__Directions for this task__
Return all of the records exactly.

__Source information__

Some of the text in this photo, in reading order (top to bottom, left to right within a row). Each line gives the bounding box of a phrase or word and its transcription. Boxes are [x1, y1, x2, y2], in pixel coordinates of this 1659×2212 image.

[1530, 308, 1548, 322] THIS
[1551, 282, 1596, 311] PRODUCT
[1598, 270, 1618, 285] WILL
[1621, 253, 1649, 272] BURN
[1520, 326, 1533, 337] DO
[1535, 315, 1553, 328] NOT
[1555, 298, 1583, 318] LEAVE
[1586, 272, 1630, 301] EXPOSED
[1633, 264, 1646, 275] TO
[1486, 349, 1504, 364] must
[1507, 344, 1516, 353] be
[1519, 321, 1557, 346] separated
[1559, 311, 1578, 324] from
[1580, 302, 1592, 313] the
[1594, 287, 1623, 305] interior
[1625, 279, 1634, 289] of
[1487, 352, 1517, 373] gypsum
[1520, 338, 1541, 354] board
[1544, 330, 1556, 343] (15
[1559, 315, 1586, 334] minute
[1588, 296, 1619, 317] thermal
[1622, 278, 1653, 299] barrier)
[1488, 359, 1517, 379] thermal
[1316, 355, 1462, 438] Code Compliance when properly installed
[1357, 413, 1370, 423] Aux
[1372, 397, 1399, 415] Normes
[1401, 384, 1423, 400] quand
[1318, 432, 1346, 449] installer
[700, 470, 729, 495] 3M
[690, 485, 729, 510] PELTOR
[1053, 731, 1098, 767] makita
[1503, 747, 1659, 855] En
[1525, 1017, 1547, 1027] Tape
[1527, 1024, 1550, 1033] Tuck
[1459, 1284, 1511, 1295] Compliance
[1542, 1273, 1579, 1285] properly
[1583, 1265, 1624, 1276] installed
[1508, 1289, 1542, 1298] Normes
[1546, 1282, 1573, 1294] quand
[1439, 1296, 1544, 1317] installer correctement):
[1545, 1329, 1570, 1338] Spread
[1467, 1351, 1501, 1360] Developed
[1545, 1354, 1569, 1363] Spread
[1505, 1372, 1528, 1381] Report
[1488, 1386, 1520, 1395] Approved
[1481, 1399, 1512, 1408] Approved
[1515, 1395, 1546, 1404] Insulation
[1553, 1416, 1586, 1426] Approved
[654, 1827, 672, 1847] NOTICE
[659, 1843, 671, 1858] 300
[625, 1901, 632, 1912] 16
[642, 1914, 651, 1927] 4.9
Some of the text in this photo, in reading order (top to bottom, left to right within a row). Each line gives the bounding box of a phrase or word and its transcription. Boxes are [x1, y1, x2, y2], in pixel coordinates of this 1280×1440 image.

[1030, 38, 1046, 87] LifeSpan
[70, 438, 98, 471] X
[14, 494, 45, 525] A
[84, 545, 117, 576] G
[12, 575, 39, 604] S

__Task output__
Some of the text in this photo, in reading order (top to bottom, left to right within a row). Each line gives the bounding box of a phrase or word and its transcription. Boxes are [x1, y1, x2, y2], in pixel coordinates of this 1659×2212 image.

[1530, 308, 1548, 322] THIS
[1551, 282, 1596, 311] PRODUCT
[1598, 270, 1618, 285] WILL
[1621, 253, 1649, 272] BURN
[1520, 326, 1533, 337] DO
[1535, 315, 1553, 328] NOT
[1555, 298, 1583, 318] LEAVE
[1586, 272, 1630, 301] EXPOSED
[1633, 264, 1646, 275] TO
[1486, 349, 1504, 364] must
[1507, 344, 1516, 353] be
[1519, 321, 1557, 346] separated
[1559, 311, 1578, 324] from
[1580, 302, 1592, 313] the
[1594, 287, 1623, 305] interior
[1625, 279, 1634, 289] of
[1487, 352, 1517, 373] gypsum
[1520, 338, 1541, 354] board
[1544, 330, 1556, 343] (15
[1559, 315, 1586, 334] minute
[1588, 296, 1619, 317] thermal
[1622, 278, 1653, 299] barrier)
[1488, 359, 1517, 379] thermal
[1316, 355, 1462, 438] Code Compliance when properly installed
[1357, 413, 1370, 423] Aux
[1372, 397, 1399, 415] Normes
[1401, 384, 1423, 400] quand
[1318, 432, 1346, 449] installer
[700, 470, 729, 495] 3M
[690, 485, 729, 510] PELTOR
[1053, 731, 1098, 767] makita
[1503, 747, 1659, 855] En
[1525, 1017, 1547, 1027] Tape
[1527, 1024, 1550, 1033] Tuck
[1459, 1284, 1511, 1295] Compliance
[1542, 1273, 1579, 1285] properly
[1583, 1265, 1624, 1276] installed
[1508, 1289, 1542, 1298] Normes
[1546, 1282, 1573, 1294] quand
[1439, 1296, 1544, 1317] installer correctement):
[1545, 1329, 1570, 1338] Spread
[1467, 1351, 1501, 1360] Developed
[1545, 1354, 1569, 1363] Spread
[1505, 1372, 1528, 1381] Report
[1488, 1386, 1520, 1395] Approved
[1481, 1399, 1512, 1408] Approved
[1515, 1395, 1546, 1404] Insulation
[1553, 1416, 1586, 1426] Approved
[654, 1827, 672, 1847] NOTICE
[659, 1843, 671, 1858] 300
[625, 1901, 632, 1912] 16
[642, 1914, 651, 1927] 4.9
Some of the text in this photo, in reading order (top to bottom, left to right within a row). Each line gives the bounding box of a phrase or word and its transcription. Boxes are [x1, y1, x2, y2], in pixel coordinates of this 1280×1440 image.

[1030, 38, 1046, 87] LifeSpan
[70, 438, 98, 471] X
[14, 494, 45, 525] A
[84, 545, 117, 576] G
[12, 575, 39, 604] S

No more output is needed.